To avoid this, the mother could have either:
- Left the condo to one child and an equivalent amount of assets to the other child.
- Sold the condo and given equal amounts of the cash proceeds to each child.
Splitting hairs or splitting dollars?
When it comes to assets, dividing money is usually easier than dividing objects. Rather than leaving property to everyone equally, consider having your will instruct that all your assets be liquidated, with the resulting proceeds divided equally. It’s easy to split dollars – it’s not so easy to split houses, televisions, cars, jewelry and furniture.
However, if you decide to not liquidate your assets and give individual items to your heirs, it’s crucial to tell all beneficiaries your intent (i.e., who will receive what). This includes telling all beneficiaries what the other heirs will receive as well. Consider writing these intentions down on a letter of intent and attach it to your will. This can help prevent family issues surrounding who thought they were going to get which assets.
3. Account for less financially savvy heirs
Sometimes, parents find themselves in a situation where one of their children is ill-equipped to handle finances. Worried that this child may use their inheritance in less-than-ideal ways, these parents might be tempted to omit this child from their will, leaving all assets to their remaining children. While this may seem like a simple solution, it can often place a burden on the children who received the inheritance.

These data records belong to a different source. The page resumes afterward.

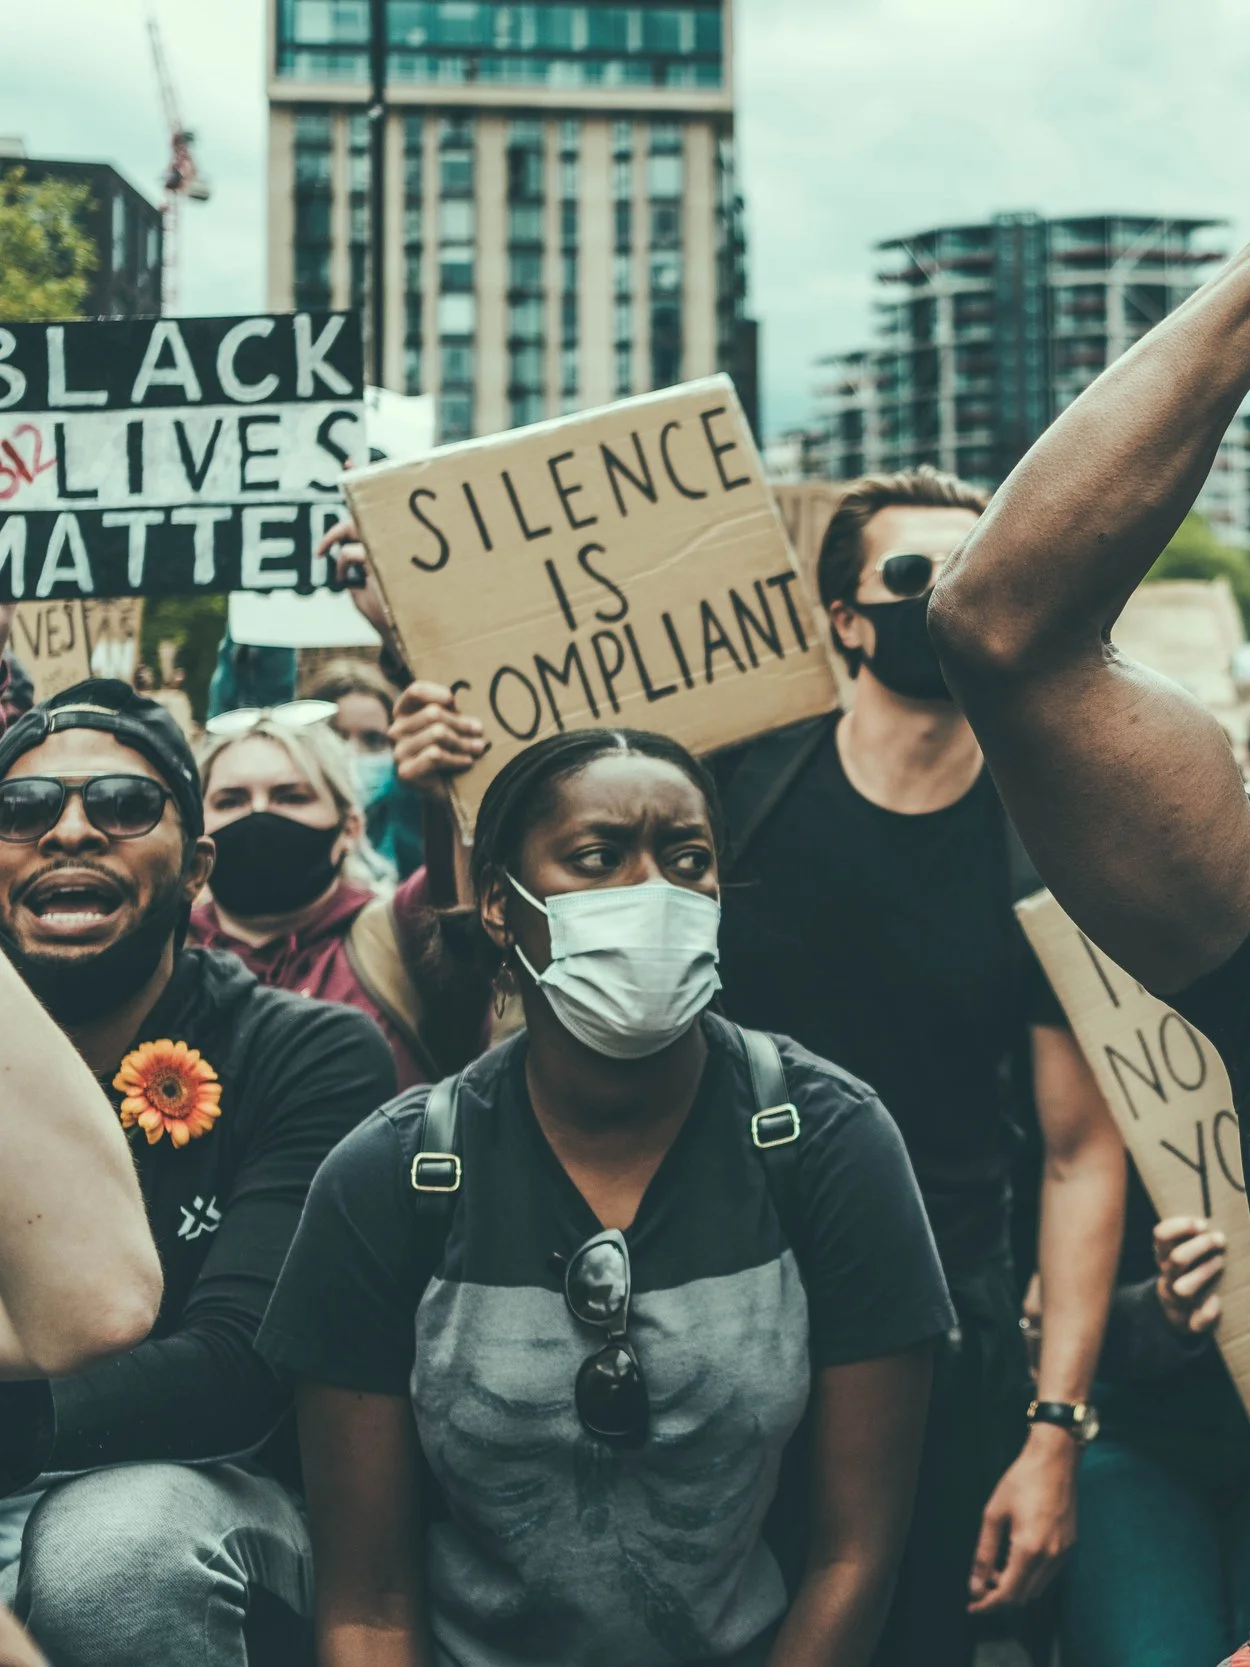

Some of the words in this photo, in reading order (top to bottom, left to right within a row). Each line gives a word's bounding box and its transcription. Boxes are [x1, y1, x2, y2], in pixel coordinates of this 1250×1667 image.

[55, 410, 359, 498] LIVES
[408, 407, 751, 572] SILENCE
[544, 543, 629, 632] IS
[449, 570, 810, 744] OMPLIANT
[1103, 1011, 1207, 1121] NO

Parents of three children created a will before they passed. Due to the son’s frivolous spending habits, he didn’t receive any of the inheritance money. Instead, all assets went to the two daughters. Feeling guilty that their brother didn’t receive any money, the two sisters begin to financially support the brother, just as their parents had – unfortunately repeating the cycle.
Trust: A good place to start
One solution would be to place the child’s inheritance in a trust. You can then set restrictions around the trust, delegating how much money the child can access at a given time.

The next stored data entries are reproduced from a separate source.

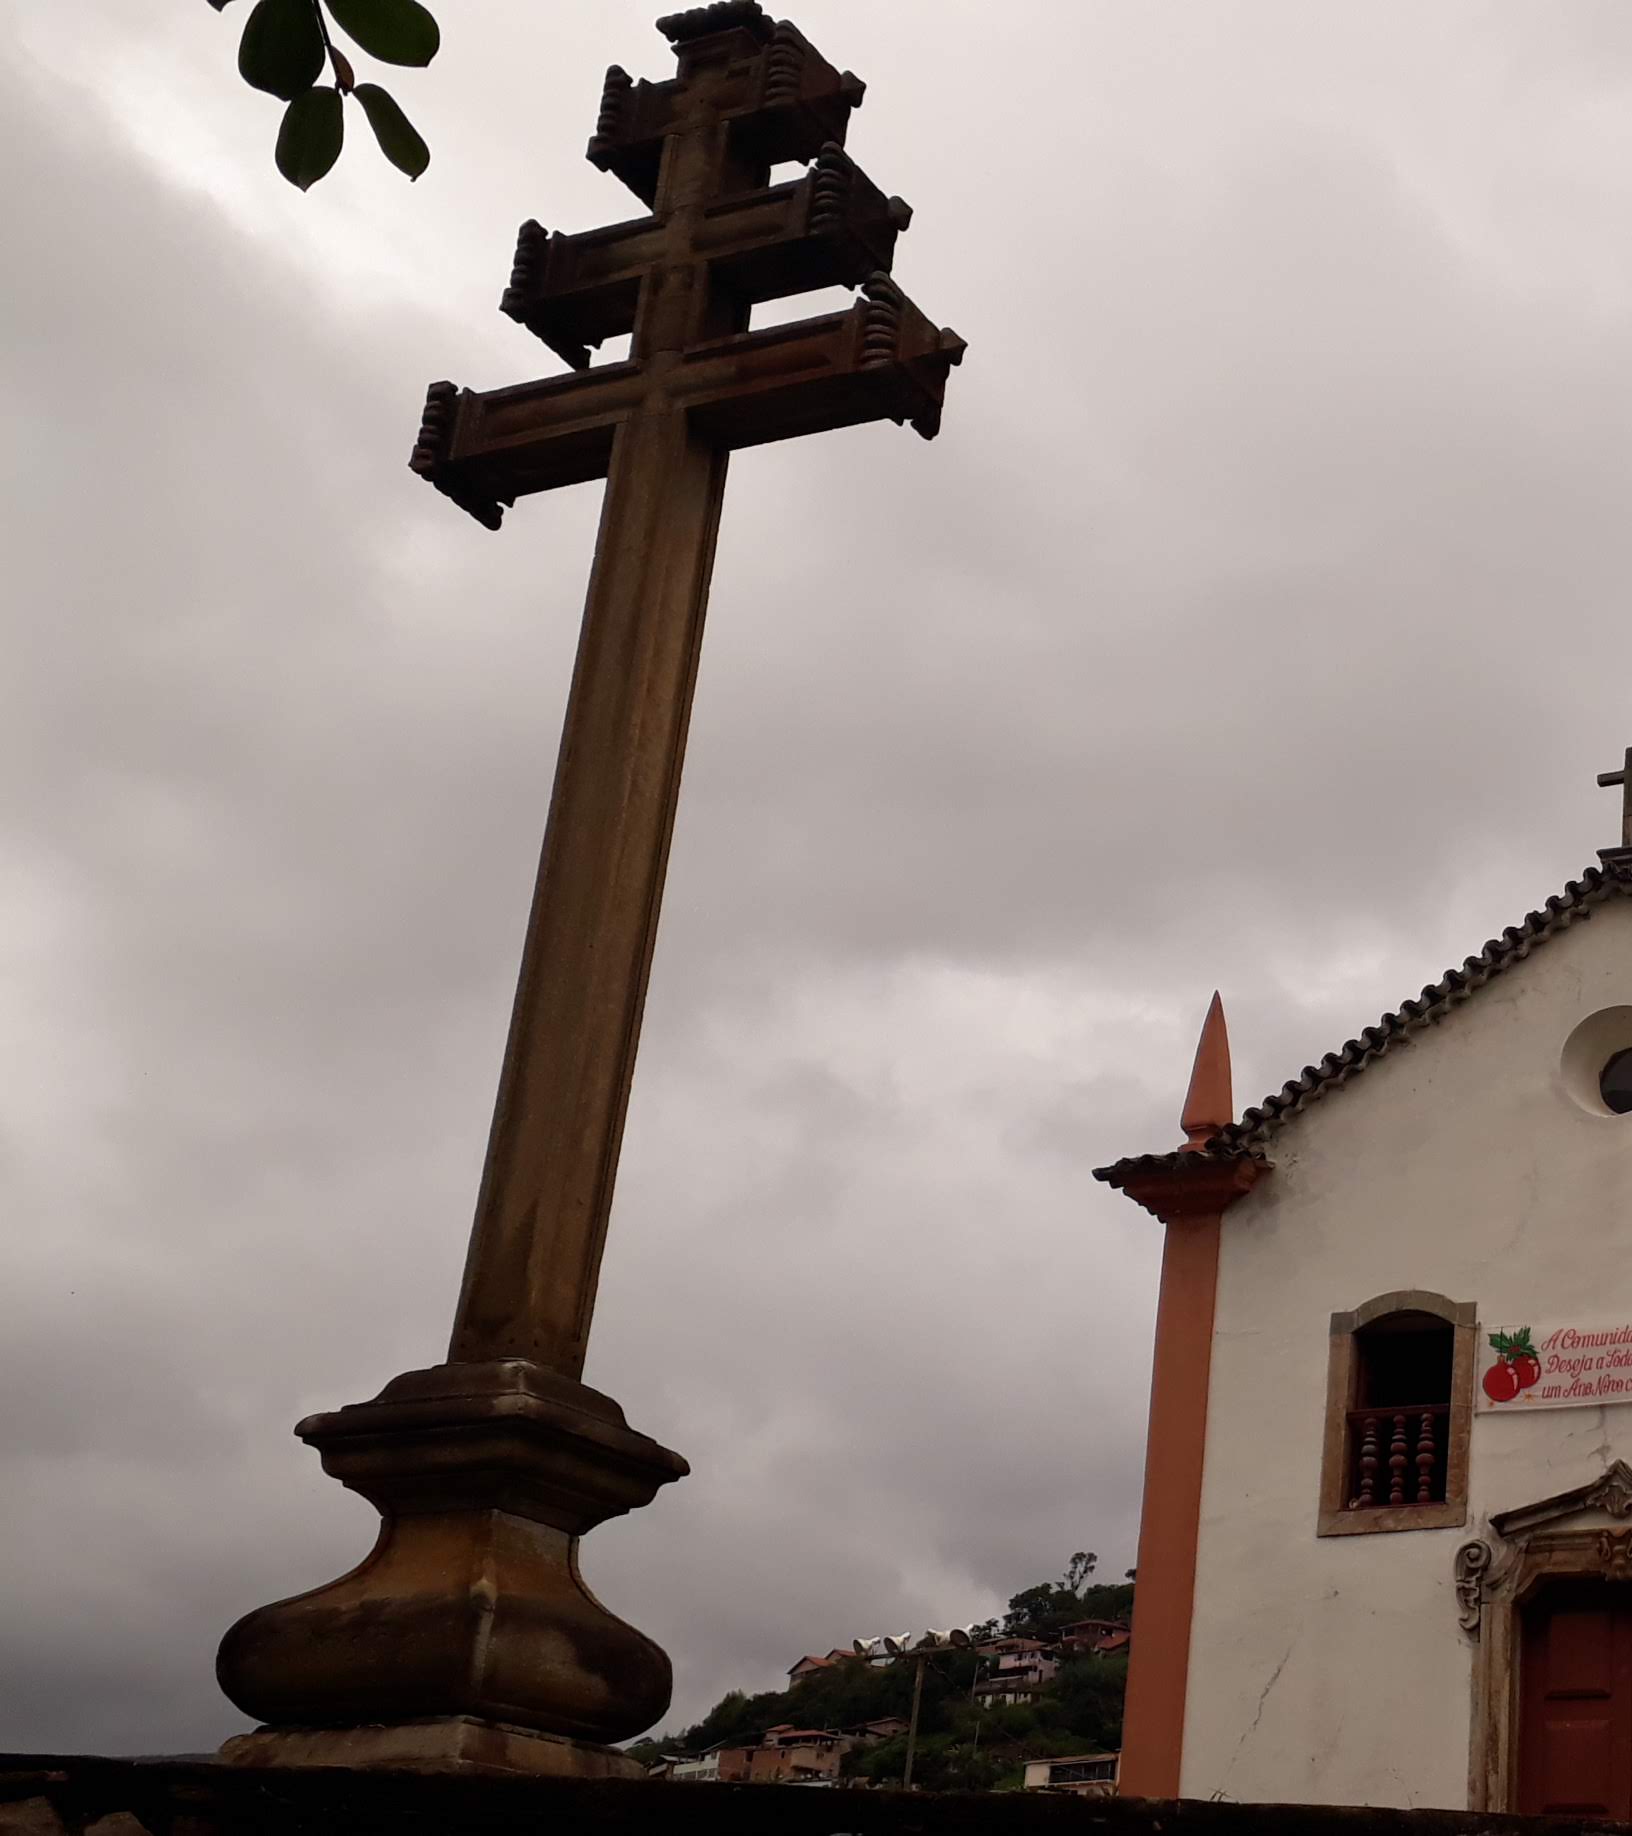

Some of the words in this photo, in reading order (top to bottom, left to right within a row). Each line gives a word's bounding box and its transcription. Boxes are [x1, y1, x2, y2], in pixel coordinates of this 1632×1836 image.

[1541, 1328, 1564, 1351] A
[1544, 1354, 1593, 1379] Deseja
[1596, 1356, 1605, 1370] a
[1541, 1384, 1562, 1399] um
[1562, 1377, 1593, 1398] Ano
[1591, 1373, 1624, 1396] Novo

4. Understand reasoning of asset allocation
Sometimes, good intentions can have unintended consequences. When creating a will, it’s crucial to analyze the reasoning behind your allocation strategies and try to see the situation from your heirs’ point of view.

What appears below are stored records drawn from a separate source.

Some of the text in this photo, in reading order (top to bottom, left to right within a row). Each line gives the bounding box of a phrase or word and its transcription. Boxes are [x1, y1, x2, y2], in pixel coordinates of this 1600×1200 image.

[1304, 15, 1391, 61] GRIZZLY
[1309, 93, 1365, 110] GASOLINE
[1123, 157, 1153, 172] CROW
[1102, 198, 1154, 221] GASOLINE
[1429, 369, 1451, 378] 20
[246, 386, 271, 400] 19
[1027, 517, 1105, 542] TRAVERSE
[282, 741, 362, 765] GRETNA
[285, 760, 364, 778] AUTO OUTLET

A mother has four children. One of her children makes a significantly higher salary than the others. Because of this, in her will, she leaves most of her assets to the other three children, and much less to the child with more money. Her intent isn’t malicious, she just wants to give more to her other children because that child “needs it less.”
This can cause unnecessary animosity between the siblings and even cause confusion and anger from the child who was disinherited. If the decision wasn’t discussed beforehand, the child may feel like they are being punished for being successful. They may even dispute their right to the assets in court – bringing a slew of legal costs to your family.
Think ahead. Talk it out.
Envision how your children will react to your estate decisions. Will they be angry? Pleased? Hurt? Put yourself in their shoes for a moment and analyze your decisions from all angles. Then, discuss your opinions with your children prior to writing your will. You don’t have to change anything based solely on their opinions, but it can be a great starting point to tailor your will to help ensure the outcome you hope for when you pass away.
Creating a will can be complicated, but with a little bit of planning and forethought, you can avoid making some of the most common mistakes seen in estate planning.
Neither Edelman Financial Engines, a division of Financial Engines Advisors L.L.C., nor its affiliates offer tax or legal advice. Interested parties are strongly encouraged to seek advice from qualified tax and/or legal experts regarding the best options for your particular circumstances.